Richard took the cheques, looked at them, put the larger in his pocket, walked to the fire, and placed the other in the hottest cavern of it.
“By Jove!” cried the baronet, and again stared at him: he had seen his mother do precisely the same thing—with the same action, to the very turn of her hand, and with the same choice of the central gulf of fire!
Richard turned to sir Wilton, and would have thanked him again on behalf of Alice and Arthur, but something got up in his throat, and, with a grateful look and a bend of the head, he made for the door speechless.
“I say, I say, my lad!” cried sir Wilton, and Richard stopped.
“There’s something in this,” the baronet went on, “more than I understand!

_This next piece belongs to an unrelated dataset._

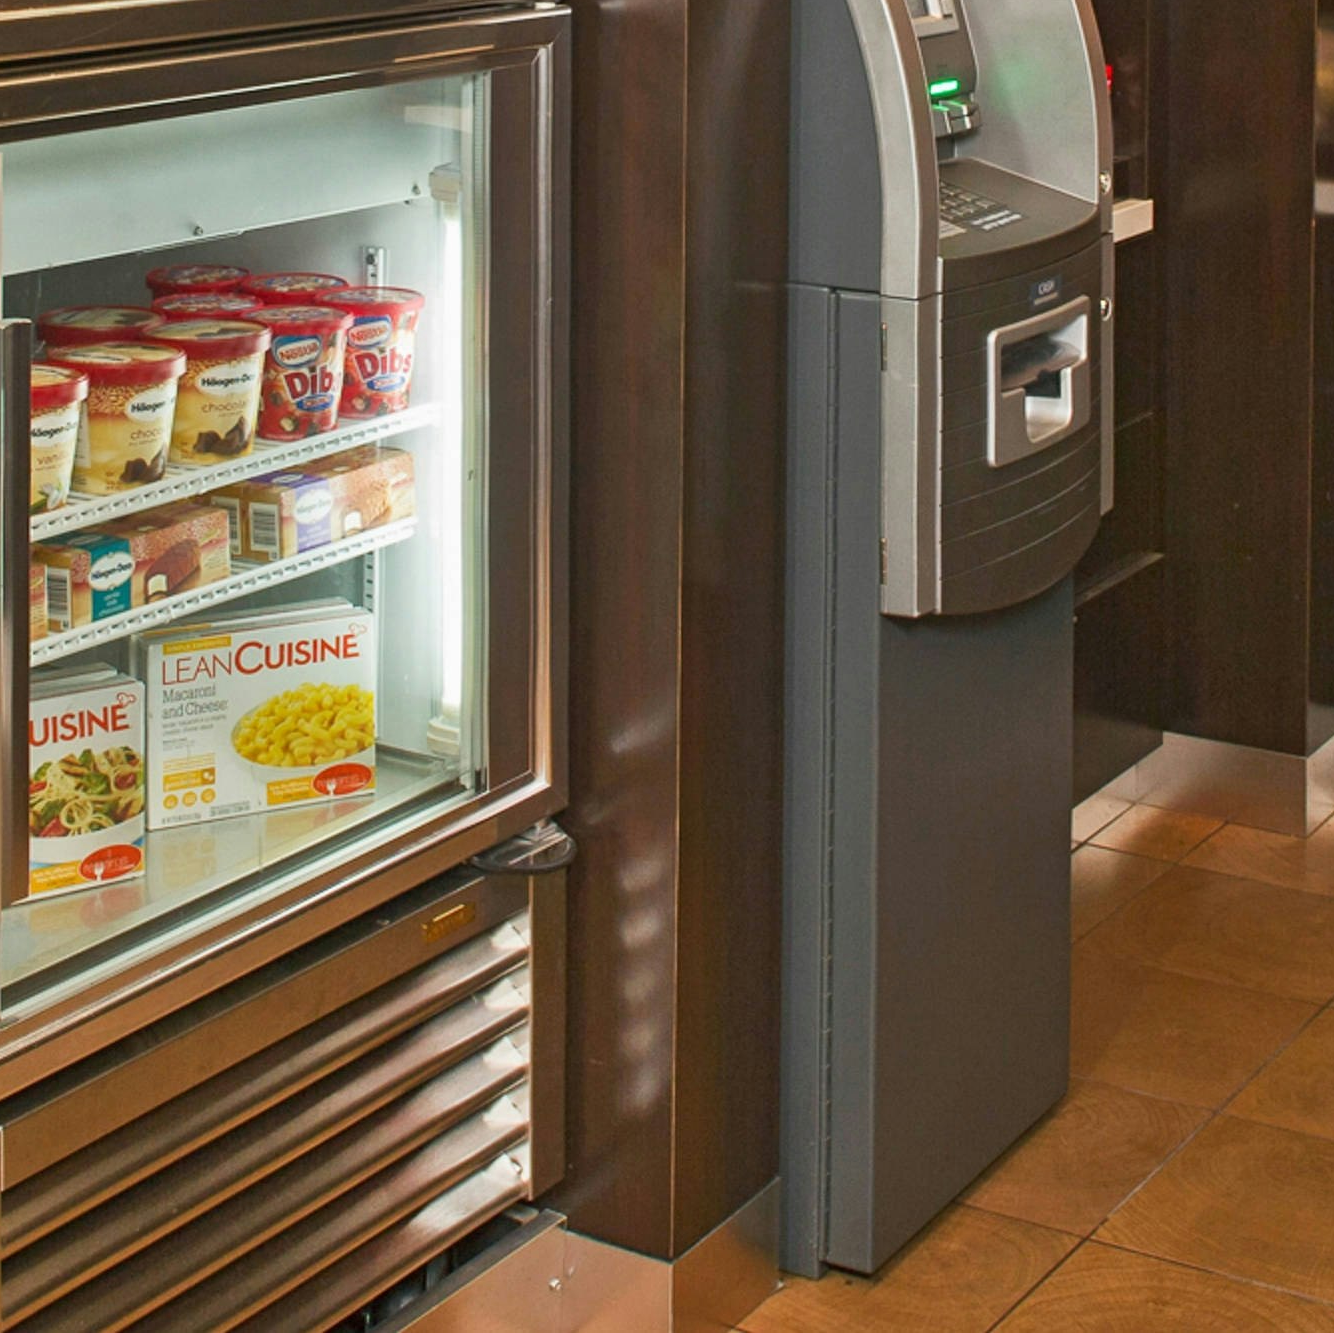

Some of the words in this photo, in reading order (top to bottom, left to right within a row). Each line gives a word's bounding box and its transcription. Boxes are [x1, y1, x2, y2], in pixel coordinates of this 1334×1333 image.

I would give a big cheque to know what is in your mind! What does it all mean?”
Richard looked at him, but said nothing: he was in some sort fascinated by the old man’s gaze.
“Suppose now,” said sir Wilton, “I were to tell you I would do whatever you asked me so far as it was in my power—what would you say?”
“That I would ask you for nothing,” answered Richard.